KNOW ALL MEN BY THESE PRESENTS, that the undersigned does hereby make, constitute, and appoint WILLIAM H. ARMSTRONG III, MARGARET F. MURPHY, KELLY C. SIMONEAUX, MONIQUE A. CENAC and DOUGLAS N. CURRAULT II, and each of them acting individually, the true and lawful attorney of the undersigned with power to act without the others and with full power of substitution and resubstitution (i) to complete, execute, and file with the United States Securities and Exchange Commission (the "SEC"), The Nasdaq Stock Market, Inc. ("Nasdaq"), and any other stock exchange or similar authority, for and on behalf of the undersigned, in the capacity or capacities of the undersigned as a person subject to Section 16 ("Section 16") of the Securities Exchange Act of 1934, as amended, with respect to the securities of Stratus Properties Inc. (the "Issuer"), Forms 3, 4, and 5, any amendment or amendments thereto, and any other document in support thereof or supplemental thereto, in accordance with Section 16 and the rules and regulations promulgated by the SEC thereunder and (ii) to do and perform each and every act and thing whatsoever that the attorney or attorneys may deem necessary or advisable to carry out fully the intent of the foregoing as the undersigned might or could do personally, hereby ratifying and confirming all acts and things that the attorney or attorneys may do or cause to be done by virtue of these presents.  The undersigned hereby acknowledges that the attorneys, in serving in such capacities at the request of the undersigned, are not assuming, nor is the Issuer assuming, any of the responsibilities of the undersigned to comply with Section 16.  This Power of Attorney shall remain in full force and effect until the undersigned is no longer subject to Section 16 with respect to the securities of the Issuer, unless earlier revoked by the undersigned in a signed writing delivered to the attorneys.
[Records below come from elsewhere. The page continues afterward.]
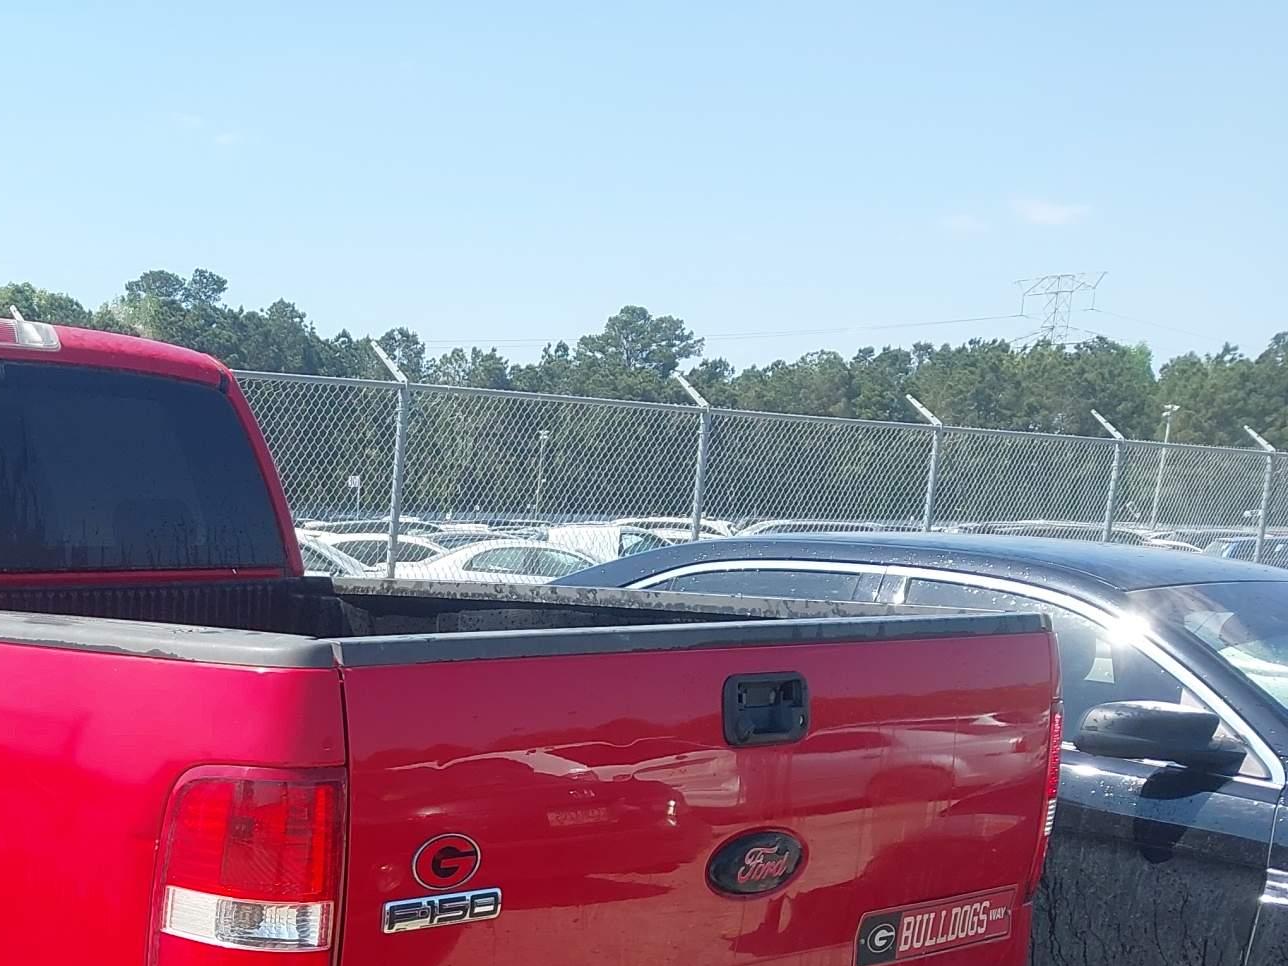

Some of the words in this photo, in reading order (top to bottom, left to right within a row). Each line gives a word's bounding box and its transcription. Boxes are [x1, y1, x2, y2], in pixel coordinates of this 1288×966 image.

[416, 835, 478, 888] G
[736, 845, 790, 884] Ford
[898, 900, 991, 952] BULLDOGS
[989, 906, 1007, 921] WAY
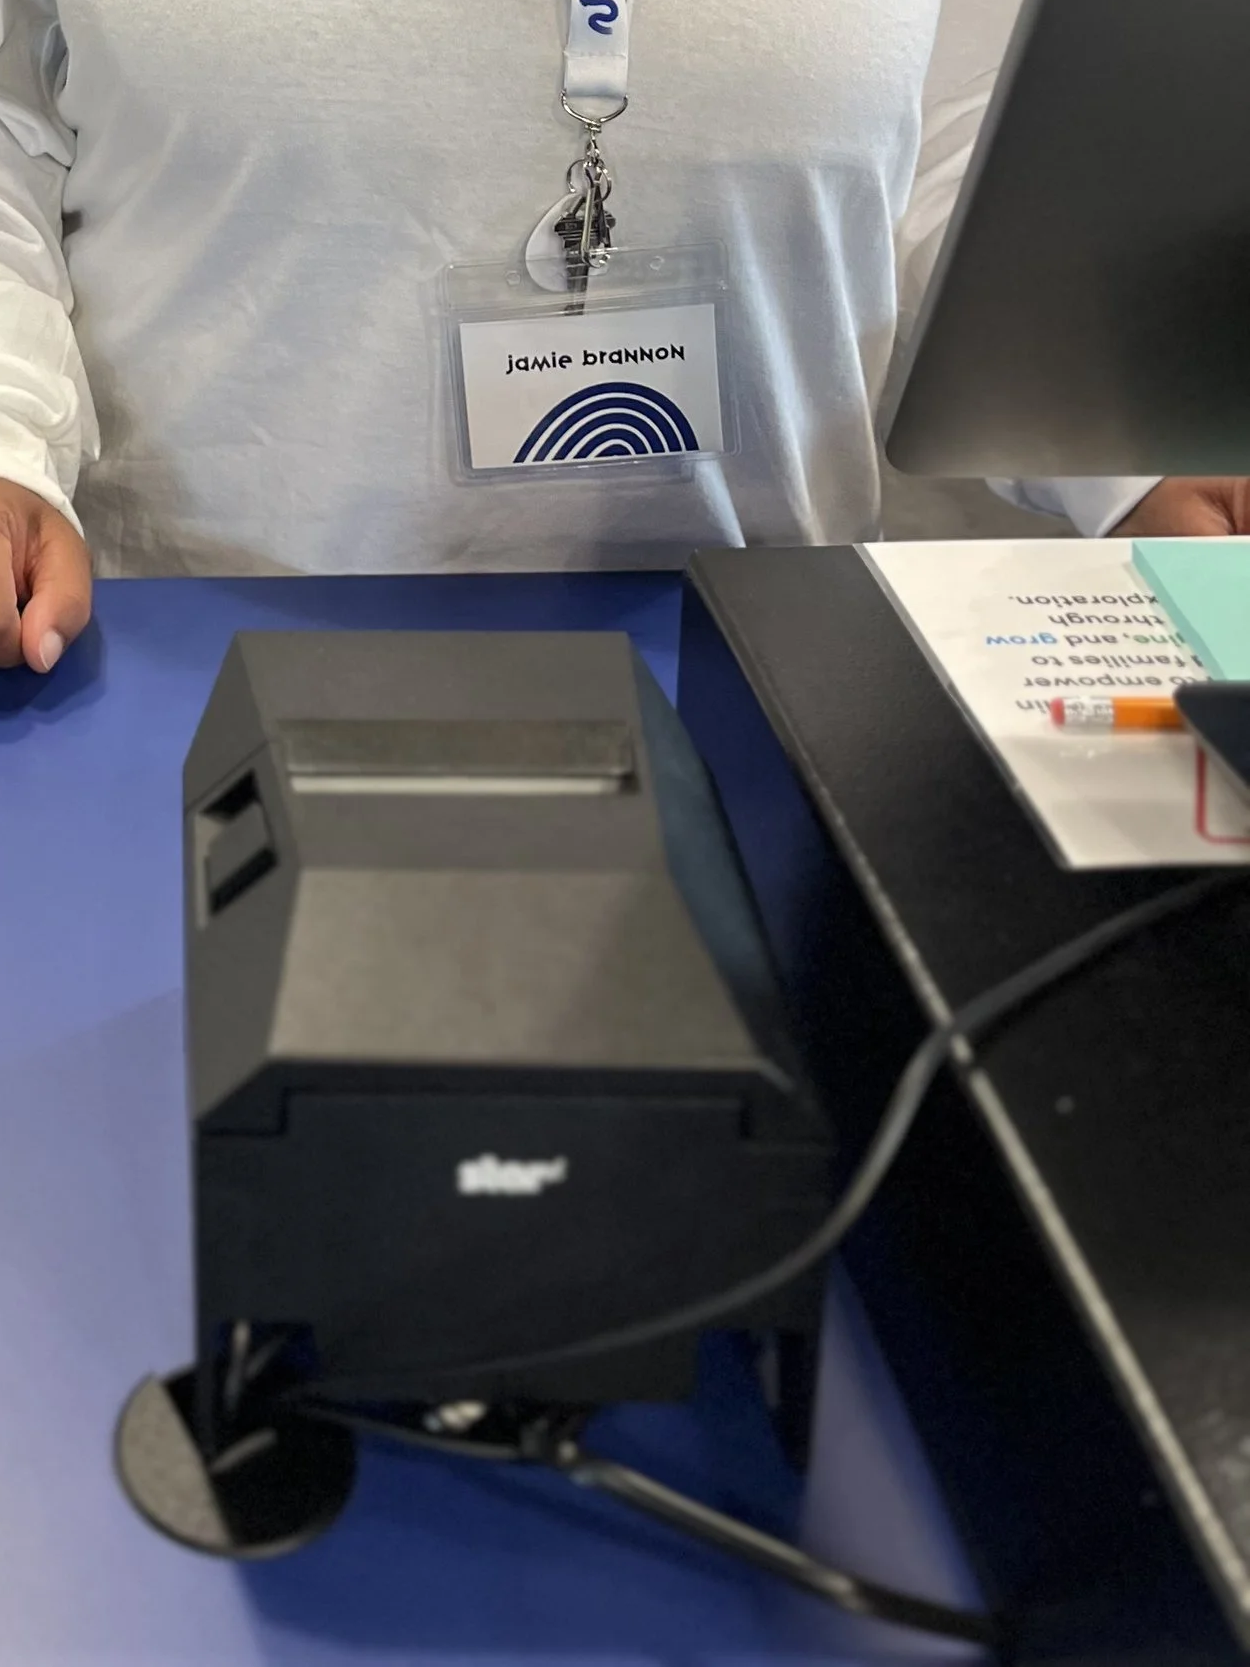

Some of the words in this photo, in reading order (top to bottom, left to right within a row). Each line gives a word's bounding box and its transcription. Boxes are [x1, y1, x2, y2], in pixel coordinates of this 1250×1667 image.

[1008, 593, 1160, 609] xploration.
[1048, 612, 1165, 627] through
[985, 632, 1058, 646] grow
[1064, 632, 1118, 647] and
[1031, 654, 1065, 667] to
[1068, 654, 1186, 670] families
[1023, 673, 1163, 688] empower
IN WITNESS WHEREOF, the undersigned has executed this Power of Attorney as of this 19th day of May, 2004.

 

                                                                                          /s/ C. DONALD WHITMIRE, JR.              

                                                                                            C. DONALD WHITMIRE, JR.